Die Situation der öffentlichen Büchereien im Harzkreis hat die SPD auf den Plan gerufen. Bei einem Workshop in Halberstadt schilderten Bibliothekare ihre Erfahrungen. Angesichts immer knapperer Kassen geht bei ihnen die Angst um, ihre Einrichtungen könnten zu Archiven werden.
Von Renate Petrahn, Harzer Volksstimme vom 23. April 2015
Halberstadt ● Öffentliche Bibliotheken sind Ländersache.

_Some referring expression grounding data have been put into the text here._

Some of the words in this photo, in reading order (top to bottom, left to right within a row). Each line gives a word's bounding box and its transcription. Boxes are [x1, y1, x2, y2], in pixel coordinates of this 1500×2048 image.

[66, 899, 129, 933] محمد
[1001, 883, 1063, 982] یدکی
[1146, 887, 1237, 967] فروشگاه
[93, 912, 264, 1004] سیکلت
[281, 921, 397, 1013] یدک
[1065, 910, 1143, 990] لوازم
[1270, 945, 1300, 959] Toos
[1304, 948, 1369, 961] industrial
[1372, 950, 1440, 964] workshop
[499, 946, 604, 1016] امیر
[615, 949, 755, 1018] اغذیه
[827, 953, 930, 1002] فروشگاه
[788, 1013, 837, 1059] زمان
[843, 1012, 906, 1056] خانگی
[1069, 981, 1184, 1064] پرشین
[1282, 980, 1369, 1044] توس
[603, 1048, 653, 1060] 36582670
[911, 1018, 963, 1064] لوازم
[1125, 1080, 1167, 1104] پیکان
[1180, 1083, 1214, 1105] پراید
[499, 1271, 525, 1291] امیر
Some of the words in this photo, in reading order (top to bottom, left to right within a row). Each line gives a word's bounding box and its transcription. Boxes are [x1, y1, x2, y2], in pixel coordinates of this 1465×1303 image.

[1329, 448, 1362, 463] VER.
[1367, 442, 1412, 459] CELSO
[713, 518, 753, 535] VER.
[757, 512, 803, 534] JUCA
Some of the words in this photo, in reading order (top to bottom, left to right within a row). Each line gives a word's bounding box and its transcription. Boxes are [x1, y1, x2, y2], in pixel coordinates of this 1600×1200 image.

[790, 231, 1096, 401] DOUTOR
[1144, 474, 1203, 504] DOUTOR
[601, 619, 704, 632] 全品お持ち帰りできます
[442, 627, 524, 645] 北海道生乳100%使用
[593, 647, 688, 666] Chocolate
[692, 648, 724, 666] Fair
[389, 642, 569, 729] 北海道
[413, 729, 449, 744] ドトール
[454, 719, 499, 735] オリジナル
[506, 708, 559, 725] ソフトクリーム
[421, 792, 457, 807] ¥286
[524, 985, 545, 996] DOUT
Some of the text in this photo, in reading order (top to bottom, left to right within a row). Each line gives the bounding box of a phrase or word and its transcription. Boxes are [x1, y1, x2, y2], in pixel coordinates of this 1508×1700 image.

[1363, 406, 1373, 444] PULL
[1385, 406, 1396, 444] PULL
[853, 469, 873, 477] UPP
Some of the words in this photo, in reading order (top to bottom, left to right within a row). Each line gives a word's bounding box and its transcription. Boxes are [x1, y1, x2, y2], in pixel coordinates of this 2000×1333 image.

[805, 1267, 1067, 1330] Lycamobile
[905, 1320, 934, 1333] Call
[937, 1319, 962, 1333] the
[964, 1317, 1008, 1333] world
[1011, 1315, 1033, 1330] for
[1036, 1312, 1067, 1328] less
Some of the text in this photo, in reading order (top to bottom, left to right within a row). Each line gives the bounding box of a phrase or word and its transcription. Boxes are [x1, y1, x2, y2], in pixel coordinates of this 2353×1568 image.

Sachsen-Anhalt war nach Thüringen das zweite Bundesland, das ein Bibliotheksgesetz (2010) verabschiedete.
Das Gesetz trägt zwar der Bedeutung von öffentlichen Bibliotheken als Bildungseinrichtung Rechnung, definiert aber deren Aufgaben als Lernorte und als Orte der Literatur und
Informationsversorgung nicht als Pflichtaufgabe der Kommunen. Das Angebot und die Einrichtung von öffentlich zugänglichen Bibliotheken gehören vielmehr zu den freiwilligen
Leistungen der Kommunen. Ein Manko, das derzeit zu Verwerfungen in der Bibliothekslandschaft im Harzkreis führt. Hintergrund ist vor allem die prekäre Haushaltslage der Kommunen, die zu Schließungen von Bibliotheken, wie in Elbingerode – als Worst-Case-Szenario, übersetzt: als schlimmster Fall. Oder es gibt bislang unsichere Zukunftsaussichten durch neue, noch nicht dauerhaft in der Praxis erprobte Trägermodelle, wie in Blankenburg und in Thale, zu beobachten ist. Angesichts dieser Situation luden Kreisvorstand und Kreistagsfraktion der SPD jetzt zu einem Workshop über die Situation der Büchereien im Landkreis Harz in die Halberstädter Stadtbibliothek „Heinrich Heine“ ein. Neben Ronald Brachmann in seiner Eigenschaft als Vorsitzender des SPD-Kreisverbandes Harz war Corinna Reinecke, die bildungspolitische Sprecherin der SPD-Fraktion im Landtag von Sachsen-Anhalt, nach Halberstadt gereist. Moderiert wurde der Meinungsaustausch durch Ute Fahrtmann vom Kreisvorstand Harz. An dem Workshop nahmen von Seiten der Harzer SPD außerdem Elke Stutzkowski, Jens Grezes, Kurt Neumann, Rolf Riedinger sowie Reinhard Brinksmeier vom Verein zur Förderung der Kreisbibliothek in Quedlinburg teil. Das Dilemma ist klar, in dem sich Träger wie Bibliotheken befinden. Auf der einen Seite Etatkürzungen zur kommunalen Haushaltskonsolidierung, die je nach Landeshaushalt sinkenden oder steigenden Landeszuweisungen. Andererseits das tendenzielle Sinken des Ankaufsetats für Bücher und Medien bei den Bibliotheken. Ergebnis: Die Einrichtungen laufen Gefahr, zu Antiquariaten werden. Im Kontrast dazu der öffentliche Auftrag der Bibliothek auch mit Blick auf Kindertagesstätten und Schulen.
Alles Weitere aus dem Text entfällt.